While some people believe cannabis can help reduce nausea during pregnancy, Laprairie said, “There’s a general misconception among the public that because it’s natural, it’s safe. But it’s a drug just like any other drug.”
Laprairie, along with USask neuroscientist John Howland, and PhD students Ayat Zagzoog and Tallan Black, is testing in a rat model the hypothesis that chronic exposure to cannabis with high tetrahydrocannabinol (THC) content will result in a significant increase in the rat pups’ anxiety and significant reduction in both cognition and sociability.
“We think we’re going to see a profound impact on how anxious the animals are, and how well they learn and adapt,” Laprairie said.
Limited data available from human studies show that babies exposed ‘in utero’ to cannabis smoke weigh less and have shorter feet. Studies involving rats have found injected cannabinoids lead to increased anxiety, learning deficits, and metabolic changes in pups. However, injected cannabis differs significantly from smoked whole-plant cannabis, which contains other psychoactive ingredients beyond just the THC.

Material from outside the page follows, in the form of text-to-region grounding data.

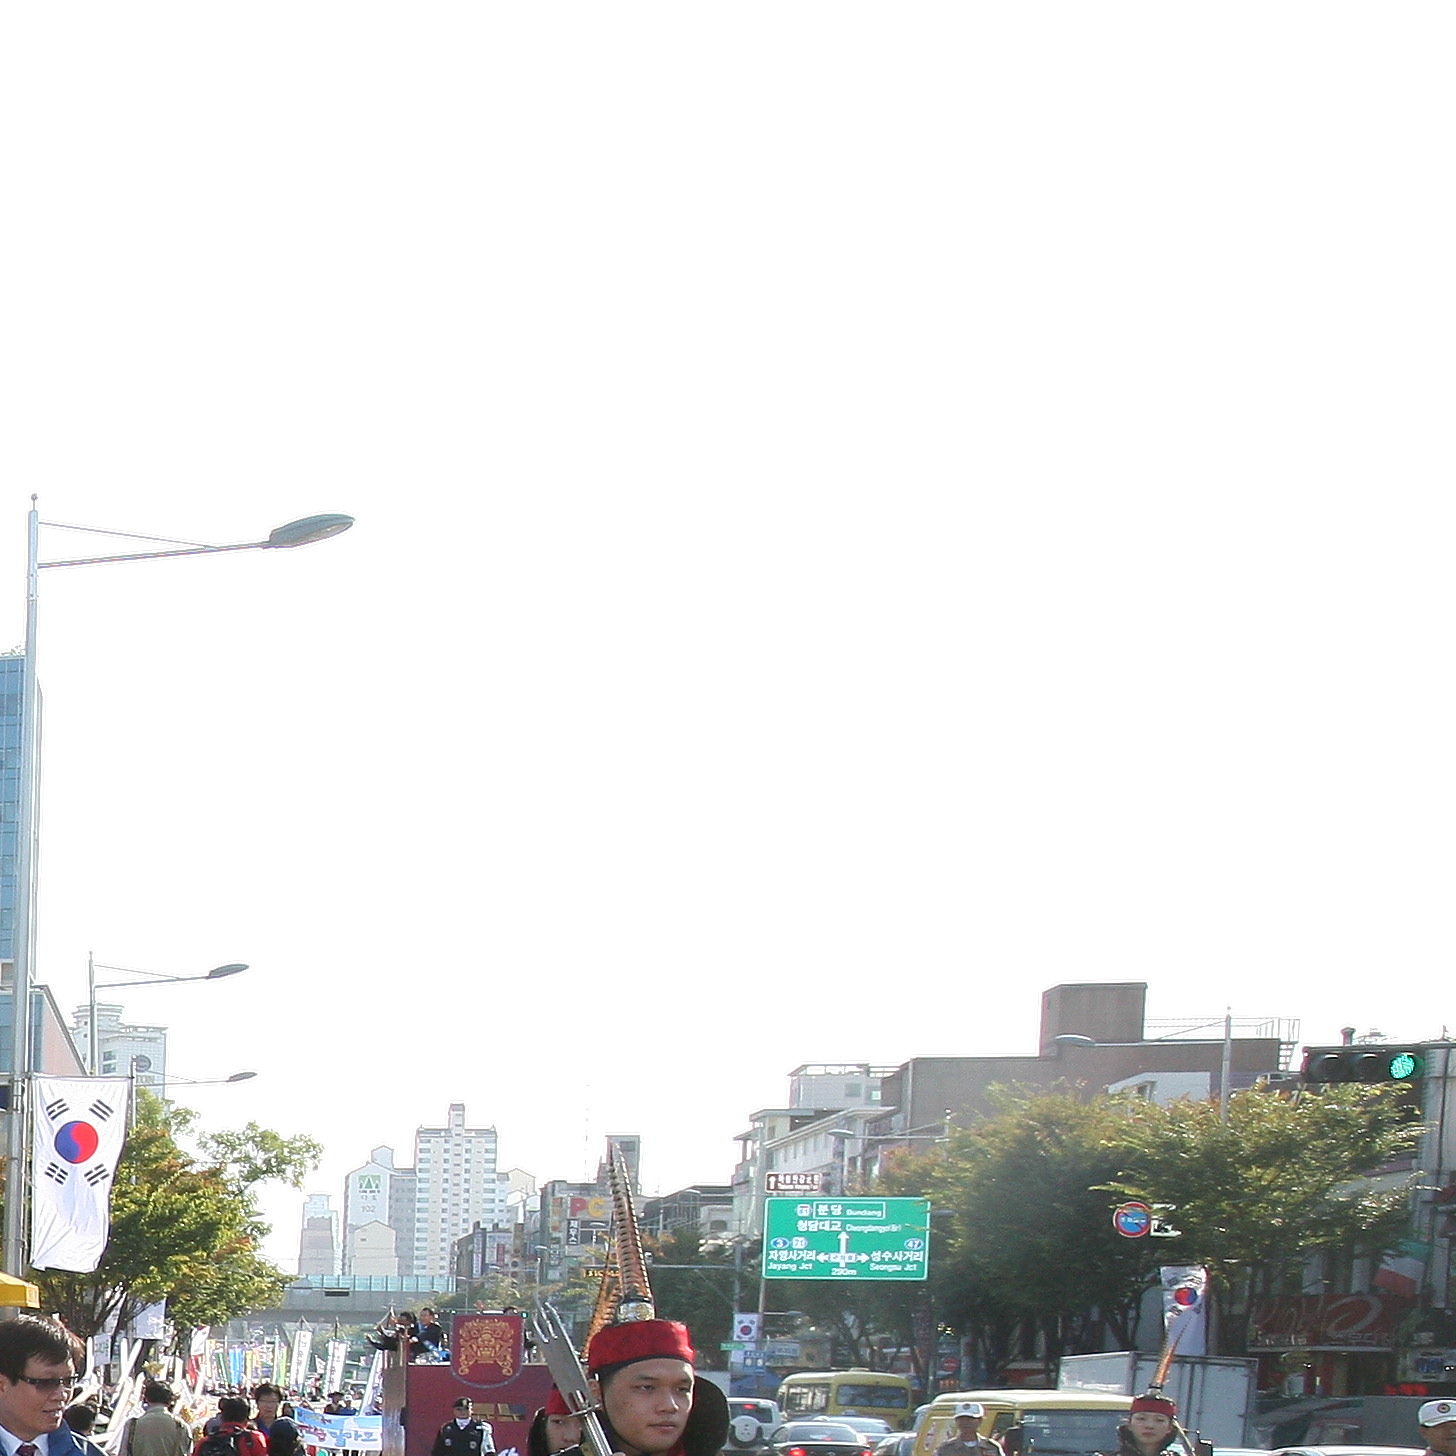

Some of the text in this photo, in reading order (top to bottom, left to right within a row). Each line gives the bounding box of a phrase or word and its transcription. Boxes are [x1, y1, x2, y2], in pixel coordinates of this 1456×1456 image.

[817, 1204, 843, 1216] 분당
[846, 1208, 882, 1218] Bundang
[796, 1220, 842, 1232] 청담대교
[907, 1240, 921, 1248] 47
[871, 1250, 924, 1262] 성수사거리
[768, 1261, 813, 1272] Jayang Jct
[904, 1263, 917, 1272] Jct

“There’s some work done on it, but we need to delve deeper into it,” said Laprairie.
The USask team will use a special inhalation chamber to deliver high THC and high cannabidiol smoke to pregnant rats for 21 days. Following the birth of the pups, the researchers will track their growth, weight, and metabolic outcomes such as how much fat they have. Once the pups are old enough, the researchers will start monitoring them for anxiety-like behaviours, learning and memory tasks, and eventually such things as predisposition to substance use disorders.
Laprairie said rats are an appropriate model organism because of the close similarities to humans.
“Their brains go through many of the same developmental processes, and their metabolism of the drug and how their bodies physically respond to the drug are on the order of 95 per cent homologous with our human endocannabinoid system,” he said.
The 2016 National Survey on Drug Use and Health in the United States found that 4.9 per cent of pregnant women aged 15 to 44 years reported past-month cannabis use. While no directly comparable figures are available for Canada, 2016 Statistics Canada figures showed that nearly 17 per cent of women of child-bearing age reported using cannabis in the previous year.
The USask research team hopes to have manuscripts ready in summer 2021 for submission to high impact journals.
“What we as a team are hoping for is that individuals, policymakers, Health Canada, and health regions will take note of the data we’ve published and integrate it into their policy to recognize and caution people about avoiding cannabis during pregnancy,” said Laprairie.
“We’re developing many different cannabis-based medicines. And one of the most important things about a medicine is that you know which populations it shouldn’t be used in.”
Laprairie is a member of the USask-led Cannabinoid Research Initiative of Saskatchewan, an interdisciplinary research team exploring the application of cannabinoids and cannabis derivatives to humans and animals, for health, disease and disorders.
Anchored by a $5-million gift from the Azrieli Foundation, the program aims to build the next generation of brain science leaders in Canada. Funding for the Future Leaders in Canadian Brain Research program has been provided by Health Canada, through the Canada Brain Research Fund.